La troisième séquence est celle d’Eric, premier vrai contaminé. Il n’est plus maître de son corps et passera la majeur partie du film à vomir des parasites. Il n’a pas l’air effrayé de ce qui lui arrive et se prend même d’affection pour ses créatures qui logent en lui. Tel une mère porteuse, il ira jusqu’au meurtre pour protéger ses « enfants ».

 

La maladie se propage rapidement, les résidents contaminé par le parasite ( qui ressemble à un penis ) subissent une véritable fièvre du viol.  Il ne s’agit pas de morts physiques mais une annihilation de la personnalité et une exacerbation des pulsions sexuel qui devienne le dominant. On apprendra plus tard que le parasite est le mélange savant d’aphrodisiaques et d’une bactérie vénérienne. Ainsi naît une nouvelle maladie qui se transmet essentiellement par le truchement des relations sexuelles (comme le sida), qui « transformera le monde en une magnifique orgie ».

Nous somme au milieu des années soixante dix et la libération sexuelle n’et pas loin. Toutes l action du film n’est que le reflet exacerbé de la réalité en vigueur à cette époque. Cronenberg utilise la parasite afin de justifier les mœurs jusqu'à présent tabou des résidents comme l’homosexualité, l’inceste, le sadomasochisme, les orgies, l’humiliation etc.

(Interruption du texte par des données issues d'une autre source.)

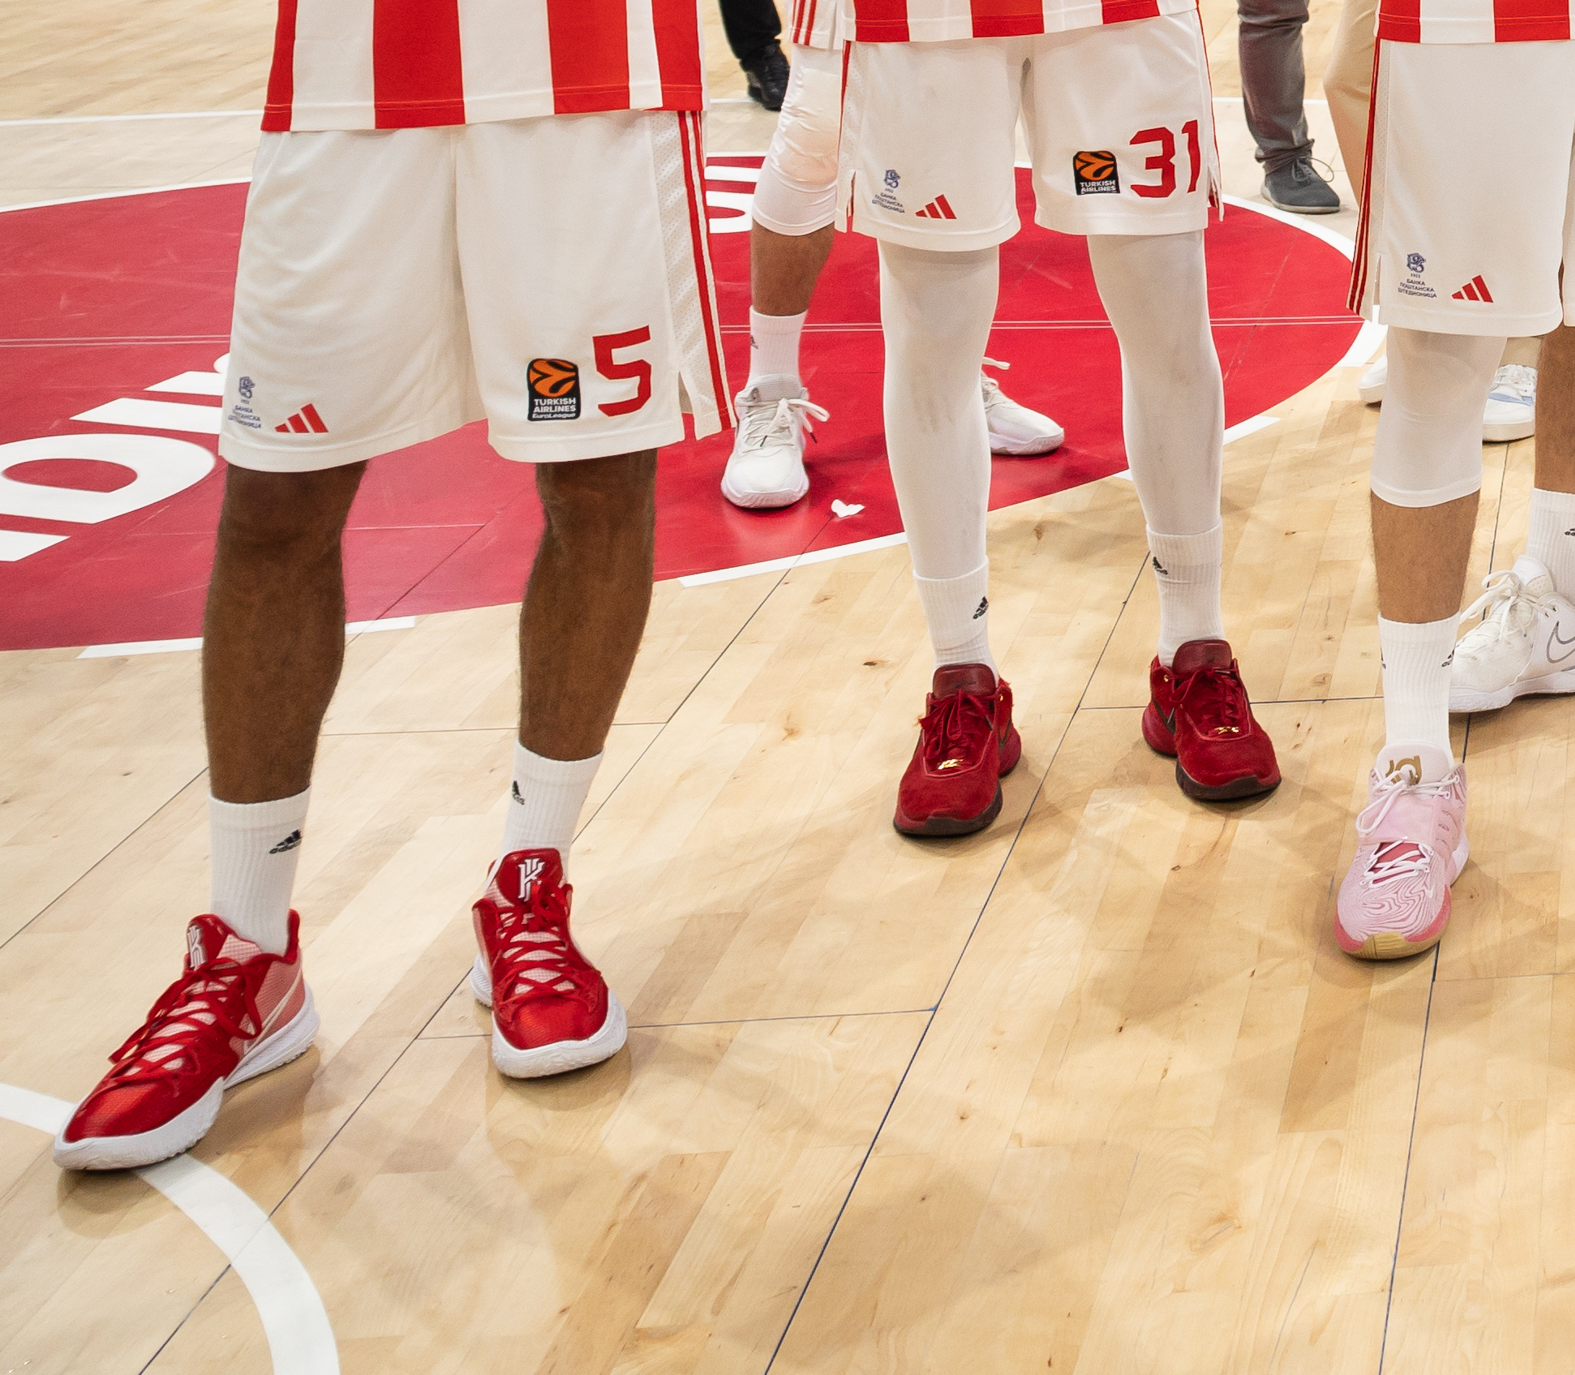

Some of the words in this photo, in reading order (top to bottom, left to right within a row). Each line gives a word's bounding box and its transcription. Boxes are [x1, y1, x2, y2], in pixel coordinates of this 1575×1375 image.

[1129, 119, 1200, 199] 31
[1080, 180, 1116, 188] TURKISH
[592, 324, 651, 418] 5
[533, 405, 576, 413] AIRLINES

Des visions extrêmement dérangeantes de ces bêtes nymphomanes qui provoquent chez le spectateur autant d’angoisse que d’excitation. C’est le retour à la barbarie des origines, celle dont notre société moderne croyait avoir à jamais triomphé. Il y a alors un decalage entre le lieux, symbole du modernisme dernier cri et les residents. De statut de gens aisés et eduqués, ils régressent aux stades quasi animal. 

 

Le final renvoi directement à un autre classique de l’horreur et de l’épouvante, LA NUIT DES MORTS VIVANTS de George Romero. Le Dr saint luc, seul rescapé fait face à une horde de contaminé qui réagissent comme des zombies, la démarche lente et poussant des râles sinistres.  Cronenberg nous rapelle le classique de Romero pour nous donner,semble t il,  une seconde vision de l'etre humain qui regresse à ses instincts les plus primaires: se nourrir pour Romero, copuler pour Cronenberg.

Ici pas de résolution final, l’heure est venu de contaminé (ou guérir) le reste du monde.

 

Cronenberg, déjà adulé à juste titre par de nombreux fans, ne peut être à cette époque qu’affilié à la mouvance underground et contestataire dont ce premier film est inextricable dans l’esprit.

SHIVERS peut paraître à plusieurs reprises maladroit dans sa mise en scène, Cronenberg hésitant dans ses cadrages et sa façon de gérer l’espace (il apprenait véritablement sur le tas) il ne bénéficiait que d'un maigre budget de 180 000$ canadien et de quinze jours de tournage.

 

Malgré cela, SHIVERS reste un bel essai pour un cinéaste qui n’a toujours pas fini d’aborder ses thèmes de prédilections.